**Collected data:**
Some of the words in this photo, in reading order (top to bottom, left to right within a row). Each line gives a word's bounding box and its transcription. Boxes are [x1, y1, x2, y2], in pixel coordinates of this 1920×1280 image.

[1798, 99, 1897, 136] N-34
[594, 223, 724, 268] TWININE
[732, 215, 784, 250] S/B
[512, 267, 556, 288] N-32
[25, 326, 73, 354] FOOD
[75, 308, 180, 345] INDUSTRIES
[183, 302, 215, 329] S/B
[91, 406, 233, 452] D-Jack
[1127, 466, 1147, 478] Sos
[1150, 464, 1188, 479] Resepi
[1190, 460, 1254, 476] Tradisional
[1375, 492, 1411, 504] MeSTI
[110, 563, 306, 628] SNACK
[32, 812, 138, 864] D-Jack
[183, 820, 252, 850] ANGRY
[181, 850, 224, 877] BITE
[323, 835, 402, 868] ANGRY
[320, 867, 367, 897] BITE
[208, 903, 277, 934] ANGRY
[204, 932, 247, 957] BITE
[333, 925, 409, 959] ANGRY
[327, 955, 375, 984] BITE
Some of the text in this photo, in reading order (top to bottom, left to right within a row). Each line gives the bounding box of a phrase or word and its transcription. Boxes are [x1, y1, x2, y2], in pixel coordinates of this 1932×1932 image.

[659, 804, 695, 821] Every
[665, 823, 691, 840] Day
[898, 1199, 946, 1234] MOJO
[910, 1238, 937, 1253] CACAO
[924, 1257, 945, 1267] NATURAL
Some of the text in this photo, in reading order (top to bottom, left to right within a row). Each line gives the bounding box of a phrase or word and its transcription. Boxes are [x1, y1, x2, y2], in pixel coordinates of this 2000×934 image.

**WORK REQUEST:**
Word for word, write out every entry shown above.

**EXERCISE RESULT:**
Some of the words in this photo, in reading order (top to bottom, left to right within a row). Each line gives a word's bounding box and its transcription. Boxes are [x1, y1, x2, y2], in pixel coordinates of this 1920×1280 image.

[1798, 99, 1897, 136] N-34
[594, 223, 724, 268] TWININE
[732, 215, 784, 250] S/B
[512, 267, 556, 288] N-32
[25, 326, 73, 354] FOOD
[75, 308, 180, 345] INDUSTRIES
[183, 302, 215, 329] S/B
[91, 406, 233, 452] D-Jack
[1127, 466, 1147, 478] Sos
[1150, 464, 1188, 479] Resepi
[1190, 460, 1254, 476] Tradisional
[1375, 492, 1411, 504] MeSTI
[110, 563, 306, 628] SNACK
[32, 812, 138, 864] D-Jack
[183, 820, 252, 850] ANGRY
[181, 850, 224, 877] BITE
[323, 835, 402, 868] ANGRY
[320, 867, 367, 897] BITE
[208, 903, 277, 934] ANGRY
[204, 932, 247, 957] BITE
[333, 925, 409, 959] ANGRY
[327, 955, 375, 984] BITE
Some of the text in this photo, in reading order (top to bottom, left to right within a row). Each line gives the bounding box of a phrase or word and its transcription. Boxes are [x1, y1, x2, y2], in pixel coordinates of this 1932×1932 image.

[659, 804, 695, 821] Every
[665, 823, 691, 840] Day
[898, 1199, 946, 1234] MOJO
[910, 1238, 937, 1253] CACAO
[924, 1257, 945, 1267] NATURAL
Some of the text in this photo, in reading order (top to bottom, left to right within a row). Each line gives the bounding box of a phrase or word and its transcription. Boxes are [x1, y1, x2, y2], in pixel coordinates of this 2000×934 image.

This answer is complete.